Why do you believe STEM education and workforce are important to our nation?
America has always aspired to be a society that embraces learning as a fulfilling and rewarding activity of everyday life—as well as a path to national prosperity. Economic growth in advanced economies like the United States is driven by the creation of new and better ways to produce goods and services, especially in high-tech industries.
But despite high national unemployment numbers, we hear time and again that many, many jobs in high-tech industries are going unfilled because workers don’t have the necessary skills to succeed. Survey after survey shows that American students are consistently being outperformed by their foreign counterparts in STEM subjects. Numbers of foreign undergraduate and graduate students seeking STEM degrees in their countries dwarf those of American students seeking the same degrees here at home. Students today are less educated than the previous generation.
A learning society ensures that all citizens have the opportunity to develop their full potential both in the classroom and on the job. When some young people have more opportunity than others for quality education and training, we all pay. One study concluded that “educational gaps impose on the United States the economic equivalent of a permanent national recession" amounting to trillions of dollars of lost productivity.
The solution lies in removing barriers not only for students from different demographic groups, but among other key players such as high schools, community colleges, universities, and the private sector. Collaborations with high schools can help reduce the barriers that students face in making the transition to colleges and universities. Cooperation between industry and educators can inform the design of programs and provide opportunities for students to gain needed workplace skills.
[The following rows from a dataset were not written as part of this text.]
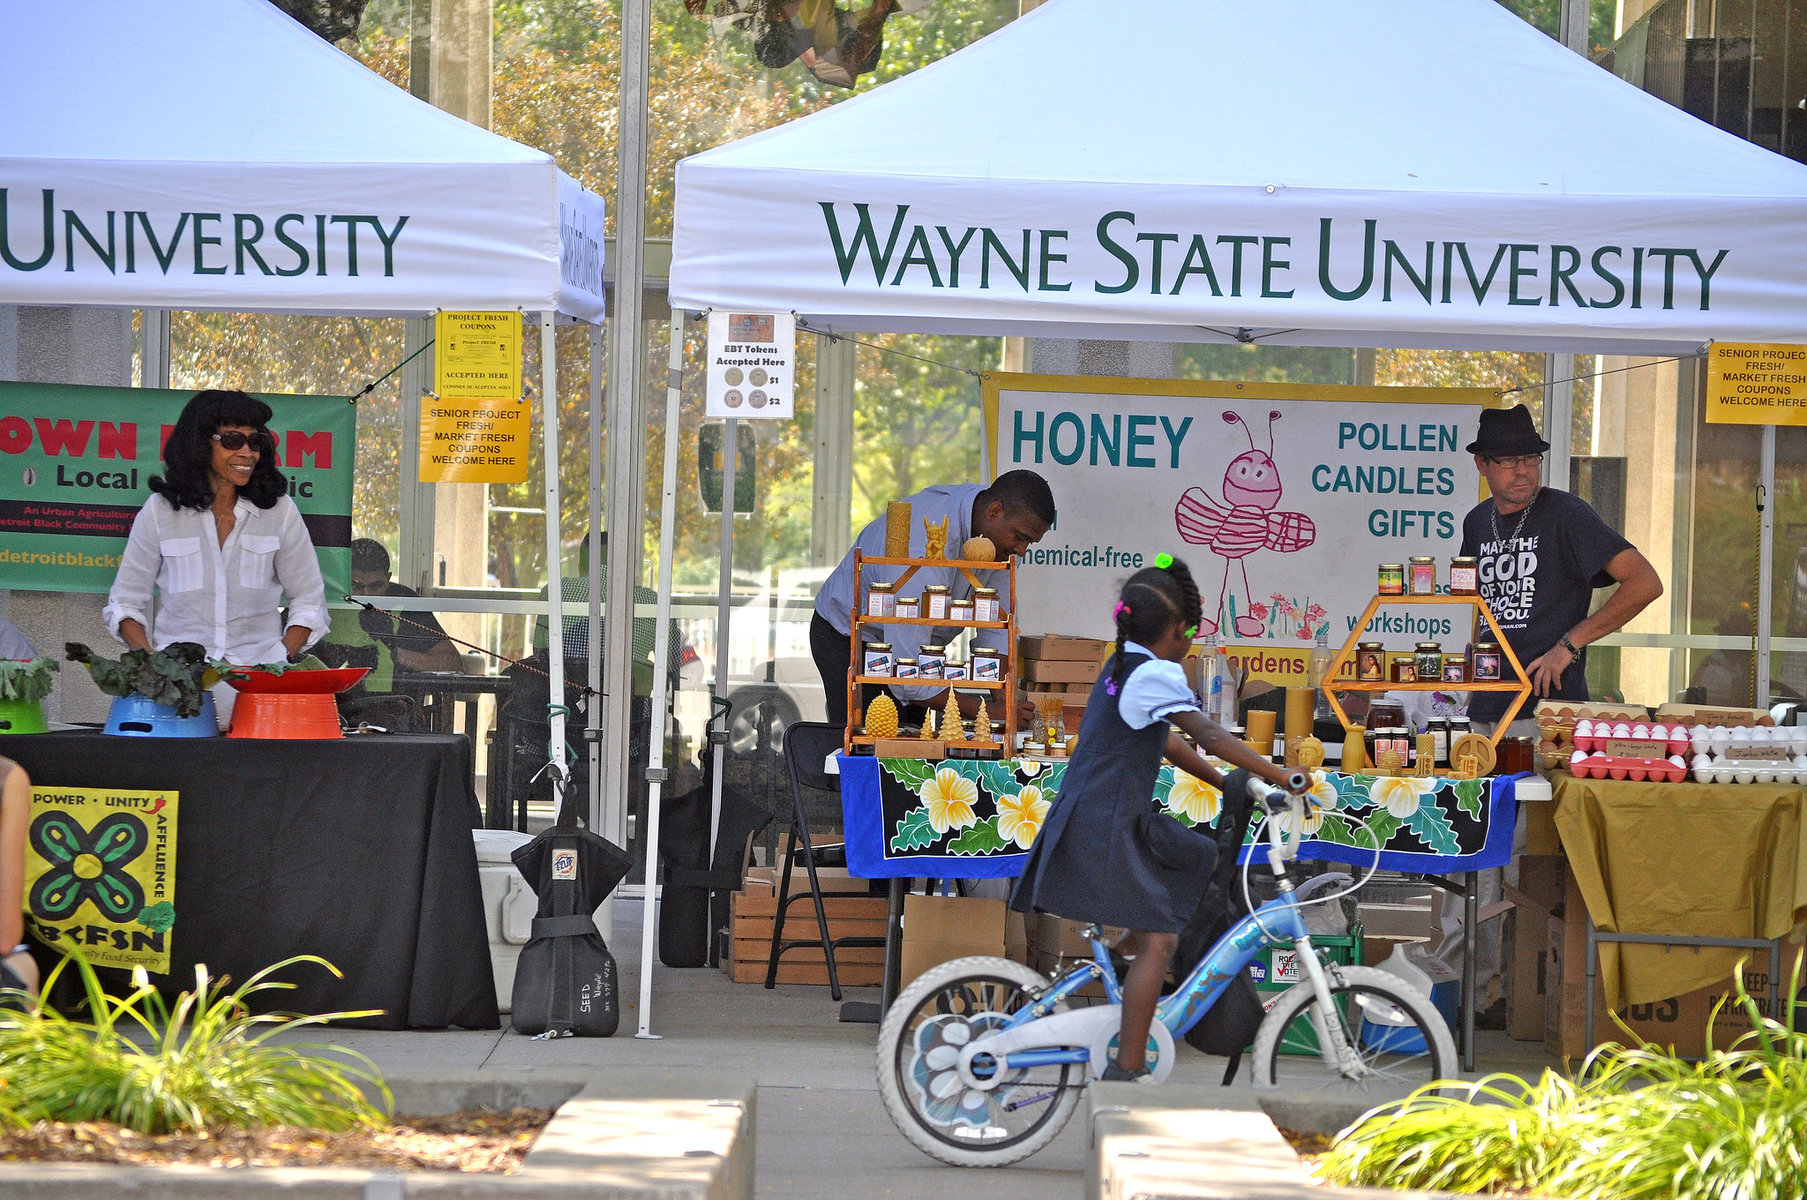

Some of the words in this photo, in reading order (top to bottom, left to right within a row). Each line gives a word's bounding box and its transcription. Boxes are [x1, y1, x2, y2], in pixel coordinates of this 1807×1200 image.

[0, 189, 410, 278] UNIVERSITY
[817, 201, 1073, 293] WAYNE
[1094, 211, 1296, 298] STATE
[1318, 217, 1731, 310] UNIVERSITY
[724, 345, 743, 353] EBT
[745, 345, 778, 354] Tokens
[1719, 349, 1760, 359] SENIOR
[1763, 350, 1807, 360] PROJEC
[716, 357, 760, 366] Accepted
[762, 358, 785, 366] Here
[1746, 362, 1785, 371] FRESH/
[769, 376, 779, 384] $1
[1723, 373, 1768, 382] MARKET
[1771, 374, 1806, 383] FRESH
[1737, 385, 1791, 394] COUPONS
[769, 397, 780, 405] $2
[1720, 396, 1775, 406] WELCOME
[1777, 398, 1807, 407] HERE
[430, 409, 470, 418] SENIOR
[472, 410, 521, 419] PROJECT
[456, 421, 494, 430] FRESH/
[434, 432, 479, 441] MARKET
[480, 433, 515, 442] FRESH
[1012, 410, 1194, 469] HONEY
[1339, 422, 1458, 452] POLLEN
[448, 444, 501, 453] COUPONS
[431, 455, 486, 465] WELCOME
[487, 457, 516, 465] HERE
[57, 464, 138, 489] Local
[1311, 463, 1455, 496] CANDLES
[24, 506, 39, 514] An
[42, 507, 75, 517] Urban
[77, 508, 136, 519] Agricultura
[0, 518, 31, 528] etroit
[34, 519, 62, 529] Black
[65, 520, 126, 532] Community
[1368, 509, 1455, 539] GIFTS
[1480, 541, 1506, 556] MAY
[1509, 535, 1539, 552] THE
[1022, 545, 1143, 568] hemical-free
[1479, 552, 1538, 583] GOD
[1480, 583, 1496, 598] OF
[1346, 611, 1452, 640] workshops
[33, 794, 86, 805] POWER
[105, 796, 150, 808] UNITY
[153, 814, 168, 898] AFFLUENCE
[101, 951, 122, 961] Food
[125, 955, 162, 966] Security
[580, 984, 590, 1013] SEED
NSF's Advanced Technology Education program, or ATE, aims to improve the education of science and engineering technicians for the high-technology fields that drive our nation's economy. ATE focuses particularly on community colleges, which now enroll 6.5 million degree-seeking students, or nearly half of all college undergraduates. An additional 5 million students are enrolled in workforce training and other non-credit courses. These students often receive job offers before they complete their training and remain in high demand.
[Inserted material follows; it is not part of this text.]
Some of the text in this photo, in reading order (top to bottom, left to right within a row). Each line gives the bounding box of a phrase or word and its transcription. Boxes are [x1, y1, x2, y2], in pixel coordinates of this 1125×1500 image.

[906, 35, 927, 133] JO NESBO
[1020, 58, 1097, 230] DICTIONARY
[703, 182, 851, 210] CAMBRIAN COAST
A solid grasp of STEM knowledge is critical not only to our nation's prosperity but to a well-informed citizenry who will ultimately decide in the voting booth the social, economic or even moral value of scientific and technological advances.
What can we do to ensure more women leaders in STEM?
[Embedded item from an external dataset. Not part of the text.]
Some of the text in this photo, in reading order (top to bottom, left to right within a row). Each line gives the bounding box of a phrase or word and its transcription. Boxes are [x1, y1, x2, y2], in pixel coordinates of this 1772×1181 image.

Developing ways to get more and different people into the STEM “pipeline” is only part of the solution. Keeping them there is another. While women have made significant gains in higher education—accounting for about 41 percent of all new PhDs in science and engineering—they occupy only about 28 percent of full-time tenured or tenure-track positions in academia. Women now represent the largest growing segment of our science and engineering workforce.
Family formation, notably marriage and childbirth, accounts for the major loss of female talent from the job pool between the receipt of a PhD and achievement of a tenured position in the sciences. Family-friendly policies help prevent them from being forced to make difficult decisions.
NSF’s Career-Life Balance Initiative is a set of policies and practices that aims to increase the placement, advancement, and retention of women in STEM disciplines. Career-life policies for young researchers do exist, but are currently spread across federal research sponsors and academic laboratories in an inconsistent patchwork. Benefits differ vastly by institution and agency with regard to who is covered and for what.
We will collaborate with our higher-education partners, professional societies and other associations, and other government agencies, to facilitate the provision of parental medical leave, accommodations for dual-career couples, and part-time work options.
NSF is already incorporating family-friendly practices and policies in its young-faculty CAREER program, and all post-doctoral programs.
As the budget allows, we will integrate work-life balance practices into additional programs, including the Graduate Research Fellowship program and the ADVANCE program, and eventually throughout the entire NSF portfolio.